Activity
Line by line, the entries below are to be reproduced unaltered.

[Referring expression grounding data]

════════════════════

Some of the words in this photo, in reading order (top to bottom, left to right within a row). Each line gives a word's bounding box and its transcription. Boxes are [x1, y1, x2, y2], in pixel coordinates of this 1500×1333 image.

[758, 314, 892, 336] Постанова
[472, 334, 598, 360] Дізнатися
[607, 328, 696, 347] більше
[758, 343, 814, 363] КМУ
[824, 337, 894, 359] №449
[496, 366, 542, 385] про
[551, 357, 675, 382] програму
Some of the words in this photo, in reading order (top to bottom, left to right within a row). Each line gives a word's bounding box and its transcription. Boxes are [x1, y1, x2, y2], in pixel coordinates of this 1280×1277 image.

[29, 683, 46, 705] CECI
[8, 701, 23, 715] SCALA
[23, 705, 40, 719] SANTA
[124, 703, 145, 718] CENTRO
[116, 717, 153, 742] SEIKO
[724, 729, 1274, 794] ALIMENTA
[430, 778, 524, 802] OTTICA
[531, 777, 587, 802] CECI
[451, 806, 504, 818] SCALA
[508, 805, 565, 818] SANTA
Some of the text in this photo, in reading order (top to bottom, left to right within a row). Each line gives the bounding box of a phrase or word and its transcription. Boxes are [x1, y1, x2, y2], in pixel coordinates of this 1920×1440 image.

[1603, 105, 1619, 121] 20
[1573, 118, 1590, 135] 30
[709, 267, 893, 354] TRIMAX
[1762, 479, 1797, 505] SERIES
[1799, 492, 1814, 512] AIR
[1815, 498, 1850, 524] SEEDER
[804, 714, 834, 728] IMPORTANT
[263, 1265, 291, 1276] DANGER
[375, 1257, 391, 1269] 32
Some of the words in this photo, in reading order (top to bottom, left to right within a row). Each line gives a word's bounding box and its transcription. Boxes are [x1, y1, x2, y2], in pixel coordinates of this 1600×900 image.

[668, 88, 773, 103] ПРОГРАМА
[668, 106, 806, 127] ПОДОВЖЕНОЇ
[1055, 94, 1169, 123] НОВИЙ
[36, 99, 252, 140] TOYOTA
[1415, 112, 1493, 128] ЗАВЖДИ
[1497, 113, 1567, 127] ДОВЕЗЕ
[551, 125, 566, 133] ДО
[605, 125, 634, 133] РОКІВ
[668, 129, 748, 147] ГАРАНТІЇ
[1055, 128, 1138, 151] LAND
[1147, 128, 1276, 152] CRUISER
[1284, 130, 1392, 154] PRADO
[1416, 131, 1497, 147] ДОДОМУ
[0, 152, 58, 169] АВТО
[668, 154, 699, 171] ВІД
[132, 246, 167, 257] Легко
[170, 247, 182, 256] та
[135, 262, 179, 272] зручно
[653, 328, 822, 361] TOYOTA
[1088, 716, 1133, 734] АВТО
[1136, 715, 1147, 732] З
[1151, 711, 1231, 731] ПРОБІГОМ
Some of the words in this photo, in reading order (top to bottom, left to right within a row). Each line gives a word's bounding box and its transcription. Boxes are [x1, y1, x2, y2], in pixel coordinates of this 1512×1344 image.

════════════════════

Result of this exercise
Some of the words in this photo, in reading order (top to bottom, left to right within a row). Each line gives a word's bounding box and its transcription. Boxes are [x1, y1, x2, y2], in pixel coordinates of this 1500×1333 image.

[758, 314, 892, 336] Постанова
[472, 334, 598, 360] Дізнатися
[607, 328, 696, 347] більше
[758, 343, 814, 363] КМУ
[824, 337, 894, 359] №449
[496, 366, 542, 385] про
[551, 357, 675, 382] програму
Some of the words in this photo, in reading order (top to bottom, left to right within a row). Each line gives a word's bounding box and its transcription. Boxes are [x1, y1, x2, y2], in pixel coordinates of this 1280×1277 image.

[29, 683, 46, 705] CECI
[8, 701, 23, 715] SCALA
[23, 705, 40, 719] SANTA
[124, 703, 145, 718] CENTRO
[116, 717, 153, 742] SEIKO
[724, 729, 1274, 794] ALIMENTA
[430, 778, 524, 802] OTTICA
[531, 777, 587, 802] CECI
[451, 806, 504, 818] SCALA
[508, 805, 565, 818] SANTA
Some of the text in this photo, in reading order (top to bottom, left to right within a row). Each line gives the bounding box of a phrase or word and its transcription. Boxes are [x1, y1, x2, y2], in pixel coordinates of this 1920×1440 image.

[1603, 105, 1619, 121] 20
[1573, 118, 1590, 135] 30
[709, 267, 893, 354] TRIMAX
[1762, 479, 1797, 505] SERIES
[1799, 492, 1814, 512] AIR
[1815, 498, 1850, 524] SEEDER
[804, 714, 834, 728] IMPORTANT
[263, 1265, 291, 1276] DANGER
[375, 1257, 391, 1269] 32
Some of the words in this photo, in reading order (top to bottom, left to right within a row). Each line gives a word's bounding box and its transcription. Boxes are [x1, y1, x2, y2], in pixel coordinates of this 1600×900 image.

[668, 88, 773, 103] ПРОГРАМА
[668, 106, 806, 127] ПОДОВЖЕНОЇ
[1055, 94, 1169, 123] НОВИЙ
[36, 99, 252, 140] TOYOTA
[1415, 112, 1493, 128] ЗАВЖДИ
[1497, 113, 1567, 127] ДОВЕЗЕ
[551, 125, 566, 133] ДО
[605, 125, 634, 133] РОКІВ
[668, 129, 748, 147] ГАРАНТІЇ
[1055, 128, 1138, 151] LAND
[1147, 128, 1276, 152] CRUISER
[1284, 130, 1392, 154] PRADO
[1416, 131, 1497, 147] ДОДОМУ
[0, 152, 58, 169] АВТО
[668, 154, 699, 171] ВІД
[132, 246, 167, 257] Легко
[170, 247, 182, 256] та
[135, 262, 179, 272] зручно
[653, 328, 822, 361] TOYOTA
[1088, 716, 1133, 734] АВТО
[1136, 715, 1147, 732] З
[1151, 711, 1231, 731] ПРОБІГОМ
Some of the words in this photo, in reading order (top to bottom, left to right within a row). Each line gives a word's bounding box and its transcription. Boxes are [x1, y1, x2, y2], in pixel coordinates of this 1512×1344 image.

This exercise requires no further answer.